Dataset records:
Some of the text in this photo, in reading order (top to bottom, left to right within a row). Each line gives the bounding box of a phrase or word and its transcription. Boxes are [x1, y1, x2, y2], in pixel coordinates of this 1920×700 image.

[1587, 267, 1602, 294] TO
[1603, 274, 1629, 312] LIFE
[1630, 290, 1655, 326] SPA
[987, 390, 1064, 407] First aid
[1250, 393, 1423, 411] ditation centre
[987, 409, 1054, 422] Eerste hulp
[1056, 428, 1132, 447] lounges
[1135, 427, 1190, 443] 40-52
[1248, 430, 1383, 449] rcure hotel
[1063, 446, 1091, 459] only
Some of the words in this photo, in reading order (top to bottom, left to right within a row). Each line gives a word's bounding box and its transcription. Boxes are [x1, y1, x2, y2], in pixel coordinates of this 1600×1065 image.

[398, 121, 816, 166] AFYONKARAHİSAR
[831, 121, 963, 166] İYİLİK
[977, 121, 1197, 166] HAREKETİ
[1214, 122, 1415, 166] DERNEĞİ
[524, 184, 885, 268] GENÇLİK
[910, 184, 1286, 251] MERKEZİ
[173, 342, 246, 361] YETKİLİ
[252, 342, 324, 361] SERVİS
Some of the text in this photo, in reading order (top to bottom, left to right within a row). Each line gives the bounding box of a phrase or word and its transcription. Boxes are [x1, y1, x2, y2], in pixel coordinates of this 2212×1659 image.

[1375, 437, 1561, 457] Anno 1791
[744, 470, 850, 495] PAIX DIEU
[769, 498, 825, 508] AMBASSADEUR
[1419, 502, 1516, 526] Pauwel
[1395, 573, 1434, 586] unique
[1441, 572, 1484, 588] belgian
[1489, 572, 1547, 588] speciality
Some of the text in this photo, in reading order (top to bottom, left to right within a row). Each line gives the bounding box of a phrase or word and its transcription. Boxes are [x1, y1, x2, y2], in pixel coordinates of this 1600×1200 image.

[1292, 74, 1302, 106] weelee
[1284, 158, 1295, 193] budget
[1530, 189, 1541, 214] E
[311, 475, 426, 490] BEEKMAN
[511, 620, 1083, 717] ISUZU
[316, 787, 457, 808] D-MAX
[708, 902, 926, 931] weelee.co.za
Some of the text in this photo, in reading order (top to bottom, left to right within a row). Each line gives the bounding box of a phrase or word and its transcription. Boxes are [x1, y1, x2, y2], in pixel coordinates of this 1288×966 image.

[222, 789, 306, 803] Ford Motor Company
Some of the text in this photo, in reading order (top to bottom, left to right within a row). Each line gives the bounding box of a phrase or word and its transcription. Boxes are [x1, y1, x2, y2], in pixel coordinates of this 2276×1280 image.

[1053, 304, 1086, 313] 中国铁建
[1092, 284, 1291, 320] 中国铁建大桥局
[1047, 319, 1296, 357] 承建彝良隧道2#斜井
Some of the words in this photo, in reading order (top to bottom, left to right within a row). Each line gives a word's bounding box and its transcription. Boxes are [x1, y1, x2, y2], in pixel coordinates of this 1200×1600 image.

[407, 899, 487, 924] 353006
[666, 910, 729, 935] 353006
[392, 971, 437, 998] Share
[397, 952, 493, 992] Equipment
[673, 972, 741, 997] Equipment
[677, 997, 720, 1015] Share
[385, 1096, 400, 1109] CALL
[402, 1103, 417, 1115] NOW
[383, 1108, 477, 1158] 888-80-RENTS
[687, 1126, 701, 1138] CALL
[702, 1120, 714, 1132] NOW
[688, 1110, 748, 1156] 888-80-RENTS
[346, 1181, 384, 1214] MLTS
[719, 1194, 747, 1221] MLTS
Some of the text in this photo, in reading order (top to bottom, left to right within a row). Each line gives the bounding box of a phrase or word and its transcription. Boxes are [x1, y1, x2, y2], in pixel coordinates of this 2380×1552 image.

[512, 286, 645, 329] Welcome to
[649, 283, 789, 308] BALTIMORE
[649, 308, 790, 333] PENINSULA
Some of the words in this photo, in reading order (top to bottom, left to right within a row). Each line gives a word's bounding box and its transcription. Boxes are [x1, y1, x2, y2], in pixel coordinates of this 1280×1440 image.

● YOUR ASSIGNMENT
Give back each record above exactly as written.

● RESULT
Some of the text in this photo, in reading order (top to bottom, left to right within a row). Each line gives the bounding box of a phrase or word and its transcription. Boxes are [x1, y1, x2, y2], in pixel coordinates of this 1920×700 image.

[1587, 267, 1602, 294] TO
[1603, 274, 1629, 312] LIFE
[1630, 290, 1655, 326] SPA
[987, 390, 1064, 407] First aid
[1250, 393, 1423, 411] ditation centre
[987, 409, 1054, 422] Eerste hulp
[1056, 428, 1132, 447] lounges
[1135, 427, 1190, 443] 40-52
[1248, 430, 1383, 449] rcure hotel
[1063, 446, 1091, 459] only
Some of the words in this photo, in reading order (top to bottom, left to right within a row). Each line gives a word's bounding box and its transcription. Boxes are [x1, y1, x2, y2], in pixel coordinates of this 1600×1065 image.

[398, 121, 816, 166] AFYONKARAHİSAR
[831, 121, 963, 166] İYİLİK
[977, 121, 1197, 166] HAREKETİ
[1214, 122, 1415, 166] DERNEĞİ
[524, 184, 885, 268] GENÇLİK
[910, 184, 1286, 251] MERKEZİ
[173, 342, 246, 361] YETKİLİ
[252, 342, 324, 361] SERVİS
Some of the text in this photo, in reading order (top to bottom, left to right within a row). Each line gives the bounding box of a phrase or word and its transcription. Boxes are [x1, y1, x2, y2], in pixel coordinates of this 2212×1659 image.

[1375, 437, 1561, 457] Anno 1791
[744, 470, 850, 495] PAIX DIEU
[769, 498, 825, 508] AMBASSADEUR
[1419, 502, 1516, 526] Pauwel
[1395, 573, 1434, 586] unique
[1441, 572, 1484, 588] belgian
[1489, 572, 1547, 588] speciality
Some of the text in this photo, in reading order (top to bottom, left to right within a row). Each line gives the bounding box of a phrase or word and its transcription. Boxes are [x1, y1, x2, y2], in pixel coordinates of this 1600×1200 image.

[1292, 74, 1302, 106] weelee
[1284, 158, 1295, 193] budget
[1530, 189, 1541, 214] E
[311, 475, 426, 490] BEEKMAN
[511, 620, 1083, 717] ISUZU
[316, 787, 457, 808] D-MAX
[708, 902, 926, 931] weelee.co.za
Some of the text in this photo, in reading order (top to bottom, left to right within a row). Each line gives the bounding box of a phrase or word and its transcription. Boxes are [x1, y1, x2, y2], in pixel coordinates of this 1288×966 image.

[222, 789, 306, 803] Ford Motor Company
Some of the text in this photo, in reading order (top to bottom, left to right within a row). Each line gives the bounding box of a phrase or word and its transcription. Boxes are [x1, y1, x2, y2], in pixel coordinates of this 2276×1280 image.

[1053, 304, 1086, 313] 中国铁建
[1092, 284, 1291, 320] 中国铁建大桥局
[1047, 319, 1296, 357] 承建彝良隧道2#斜井
Some of the words in this photo, in reading order (top to bottom, left to right within a row). Each line gives a word's bounding box and its transcription. Boxes are [x1, y1, x2, y2], in pixel coordinates of this 1200×1600 image.

[407, 899, 487, 924] 353006
[666, 910, 729, 935] 353006
[392, 971, 437, 998] Share
[397, 952, 493, 992] Equipment
[673, 972, 741, 997] Equipment
[677, 997, 720, 1015] Share
[385, 1096, 400, 1109] CALL
[402, 1103, 417, 1115] NOW
[383, 1108, 477, 1158] 888-80-RENTS
[687, 1126, 701, 1138] CALL
[702, 1120, 714, 1132] NOW
[688, 1110, 748, 1156] 888-80-RENTS
[346, 1181, 384, 1214] MLTS
[719, 1194, 747, 1221] MLTS
Some of the text in this photo, in reading order (top to bottom, left to right within a row). Each line gives the bounding box of a phrase or word and its transcription. Boxes are [x1, y1, x2, y2], in pixel coordinates of this 2380×1552 image.

[512, 286, 645, 329] Welcome to
[649, 283, 789, 308] BALTIMORE
[649, 308, 790, 333] PENINSULA
Some of the words in this photo, in reading order (top to bottom, left to right within a row). Each line gives a word's bounding box and its transcription. Boxes are [x1, y1, x2, y2], in pixel coordinates of this 1280×1440 image.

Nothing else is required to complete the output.